EXERCISE DESCRIPTION: Give back all of the data unchanged. Keep every word as it is.

AVAILABLE DATA:
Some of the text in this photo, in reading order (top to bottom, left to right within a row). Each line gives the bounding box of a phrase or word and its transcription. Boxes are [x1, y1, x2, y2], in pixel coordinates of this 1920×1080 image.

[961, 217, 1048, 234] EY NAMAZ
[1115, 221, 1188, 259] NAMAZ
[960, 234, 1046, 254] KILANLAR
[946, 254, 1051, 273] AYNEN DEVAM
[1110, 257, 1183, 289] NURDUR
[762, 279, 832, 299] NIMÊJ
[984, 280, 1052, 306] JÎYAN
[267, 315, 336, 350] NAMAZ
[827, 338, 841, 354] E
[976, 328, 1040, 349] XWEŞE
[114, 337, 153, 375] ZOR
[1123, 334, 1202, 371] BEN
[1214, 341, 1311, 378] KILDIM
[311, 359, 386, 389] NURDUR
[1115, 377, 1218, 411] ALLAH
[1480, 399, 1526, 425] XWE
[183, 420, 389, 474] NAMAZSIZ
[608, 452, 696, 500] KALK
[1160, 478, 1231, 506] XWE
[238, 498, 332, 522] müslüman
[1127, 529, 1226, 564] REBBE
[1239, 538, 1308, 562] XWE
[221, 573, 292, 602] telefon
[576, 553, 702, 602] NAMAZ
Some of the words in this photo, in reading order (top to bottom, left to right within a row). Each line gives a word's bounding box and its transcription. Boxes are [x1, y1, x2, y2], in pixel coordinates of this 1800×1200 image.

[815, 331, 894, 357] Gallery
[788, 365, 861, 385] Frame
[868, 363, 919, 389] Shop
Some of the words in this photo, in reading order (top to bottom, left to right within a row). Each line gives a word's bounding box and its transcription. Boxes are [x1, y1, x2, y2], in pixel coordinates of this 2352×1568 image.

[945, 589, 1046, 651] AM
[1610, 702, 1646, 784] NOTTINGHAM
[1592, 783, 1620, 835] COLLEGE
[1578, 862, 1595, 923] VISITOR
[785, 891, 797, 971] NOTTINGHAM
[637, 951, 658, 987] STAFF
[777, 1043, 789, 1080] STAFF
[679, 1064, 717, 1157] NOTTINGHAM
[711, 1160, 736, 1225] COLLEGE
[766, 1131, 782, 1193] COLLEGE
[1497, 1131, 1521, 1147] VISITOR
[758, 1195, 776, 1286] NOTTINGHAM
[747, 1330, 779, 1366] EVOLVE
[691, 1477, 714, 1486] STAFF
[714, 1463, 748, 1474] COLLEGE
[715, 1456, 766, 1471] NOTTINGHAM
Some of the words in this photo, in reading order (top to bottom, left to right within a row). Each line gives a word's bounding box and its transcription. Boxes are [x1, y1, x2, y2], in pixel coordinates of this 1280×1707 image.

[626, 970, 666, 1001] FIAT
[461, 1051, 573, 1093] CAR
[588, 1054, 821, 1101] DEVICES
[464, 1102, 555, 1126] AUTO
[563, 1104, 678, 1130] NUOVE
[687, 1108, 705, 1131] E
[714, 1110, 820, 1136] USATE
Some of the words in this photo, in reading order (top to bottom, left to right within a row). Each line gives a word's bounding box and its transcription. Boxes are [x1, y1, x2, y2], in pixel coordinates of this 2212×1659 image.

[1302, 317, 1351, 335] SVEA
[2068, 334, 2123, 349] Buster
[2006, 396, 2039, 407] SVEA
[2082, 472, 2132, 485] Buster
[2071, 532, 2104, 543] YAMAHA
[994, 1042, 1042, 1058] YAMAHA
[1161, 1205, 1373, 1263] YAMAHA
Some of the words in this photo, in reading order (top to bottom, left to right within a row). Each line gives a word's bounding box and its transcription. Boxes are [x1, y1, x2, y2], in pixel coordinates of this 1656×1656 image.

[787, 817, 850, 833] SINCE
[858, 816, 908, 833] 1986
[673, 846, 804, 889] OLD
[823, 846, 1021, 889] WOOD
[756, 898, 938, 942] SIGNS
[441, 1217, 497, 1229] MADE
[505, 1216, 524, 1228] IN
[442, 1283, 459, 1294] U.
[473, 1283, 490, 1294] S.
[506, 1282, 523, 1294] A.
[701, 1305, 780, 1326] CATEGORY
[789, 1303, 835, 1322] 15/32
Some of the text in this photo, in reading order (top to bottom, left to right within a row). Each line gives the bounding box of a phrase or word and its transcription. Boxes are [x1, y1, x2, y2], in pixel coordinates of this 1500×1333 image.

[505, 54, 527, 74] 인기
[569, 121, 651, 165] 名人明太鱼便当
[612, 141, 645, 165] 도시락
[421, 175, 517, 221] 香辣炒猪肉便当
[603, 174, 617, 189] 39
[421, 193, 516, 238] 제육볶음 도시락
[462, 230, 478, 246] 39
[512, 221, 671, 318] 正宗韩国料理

EXERCISE RESPONSE:
Some of the text in this photo, in reading order (top to bottom, left to right within a row). Each line gives the bounding box of a phrase or word and its transcription. Boxes are [x1, y1, x2, y2], in pixel coordinates of this 1920×1080 image.

[961, 217, 1048, 234] EY NAMAZ
[1115, 221, 1188, 259] NAMAZ
[960, 234, 1046, 254] KILANLAR
[946, 254, 1051, 273] AYNEN DEVAM
[1110, 257, 1183, 289] NURDUR
[762, 279, 832, 299] NIMÊJ
[984, 280, 1052, 306] JÎYAN
[267, 315, 336, 350] NAMAZ
[827, 338, 841, 354] E
[976, 328, 1040, 349] XWEŞE
[114, 337, 153, 375] ZOR
[1123, 334, 1202, 371] BEN
[1214, 341, 1311, 378] KILDIM
[311, 359, 386, 389] NURDUR
[1115, 377, 1218, 411] ALLAH
[1480, 399, 1526, 425] XWE
[183, 420, 389, 474] NAMAZSIZ
[608, 452, 696, 500] KALK
[1160, 478, 1231, 506] XWE
[238, 498, 332, 522] müslüman
[1127, 529, 1226, 564] REBBE
[1239, 538, 1308, 562] XWE
[221, 573, 292, 602] telefon
[576, 553, 702, 602] NAMAZ
Some of the words in this photo, in reading order (top to bottom, left to right within a row). Each line gives a word's bounding box and its transcription. Boxes are [x1, y1, x2, y2], in pixel coordinates of this 1800×1200 image.

[815, 331, 894, 357] Gallery
[788, 365, 861, 385] Frame
[868, 363, 919, 389] Shop
Some of the words in this photo, in reading order (top to bottom, left to right within a row). Each line gives a word's bounding box and its transcription. Boxes are [x1, y1, x2, y2], in pixel coordinates of this 2352×1568 image.

[945, 589, 1046, 651] AM
[1610, 702, 1646, 784] NOTTINGHAM
[1592, 783, 1620, 835] COLLEGE
[1578, 862, 1595, 923] VISITOR
[785, 891, 797, 971] NOTTINGHAM
[637, 951, 658, 987] STAFF
[777, 1043, 789, 1080] STAFF
[679, 1064, 717, 1157] NOTTINGHAM
[711, 1160, 736, 1225] COLLEGE
[766, 1131, 782, 1193] COLLEGE
[1497, 1131, 1521, 1147] VISITOR
[758, 1195, 776, 1286] NOTTINGHAM
[747, 1330, 779, 1366] EVOLVE
[691, 1477, 714, 1486] STAFF
[714, 1463, 748, 1474] COLLEGE
[715, 1456, 766, 1471] NOTTINGHAM
Some of the words in this photo, in reading order (top to bottom, left to right within a row). Each line gives a word's bounding box and its transcription. Boxes are [x1, y1, x2, y2], in pixel coordinates of this 1280×1707 image.

[626, 970, 666, 1001] FIAT
[461, 1051, 573, 1093] CAR
[588, 1054, 821, 1101] DEVICES
[464, 1102, 555, 1126] AUTO
[563, 1104, 678, 1130] NUOVE
[687, 1108, 705, 1131] E
[714, 1110, 820, 1136] USATE
Some of the words in this photo, in reading order (top to bottom, left to right within a row). Each line gives a word's bounding box and its transcription. Boxes are [x1, y1, x2, y2], in pixel coordinates of this 2212×1659 image.

[1302, 317, 1351, 335] SVEA
[2068, 334, 2123, 349] Buster
[2006, 396, 2039, 407] SVEA
[2082, 472, 2132, 485] Buster
[2071, 532, 2104, 543] YAMAHA
[994, 1042, 1042, 1058] YAMAHA
[1161, 1205, 1373, 1263] YAMAHA
Some of the words in this photo, in reading order (top to bottom, left to right within a row). Each line gives a word's bounding box and its transcription. Boxes are [x1, y1, x2, y2], in pixel coordinates of this 1656×1656 image.

[787, 817, 850, 833] SINCE
[858, 816, 908, 833] 1986
[673, 846, 804, 889] OLD
[823, 846, 1021, 889] WOOD
[756, 898, 938, 942] SIGNS
[441, 1217, 497, 1229] MADE
[505, 1216, 524, 1228] IN
[442, 1283, 459, 1294] U.
[473, 1283, 490, 1294] S.
[506, 1282, 523, 1294] A.
[701, 1305, 780, 1326] CATEGORY
[789, 1303, 835, 1322] 15/32
Some of the text in this photo, in reading order (top to bottom, left to right within a row). Each line gives the bounding box of a phrase or word and its transcription. Boxes are [x1, y1, x2, y2], in pixel coordinates of this 1500×1333 image.

[505, 54, 527, 74] 인기
[569, 121, 651, 165] 名人明太鱼便当
[612, 141, 645, 165] 도시락
[421, 175, 517, 221] 香辣炒猪肉便当
[603, 174, 617, 189] 39
[421, 193, 516, 238] 제육볶음 도시락
[462, 230, 478, 246] 39
[512, 221, 671, 318] 正宗韩国料理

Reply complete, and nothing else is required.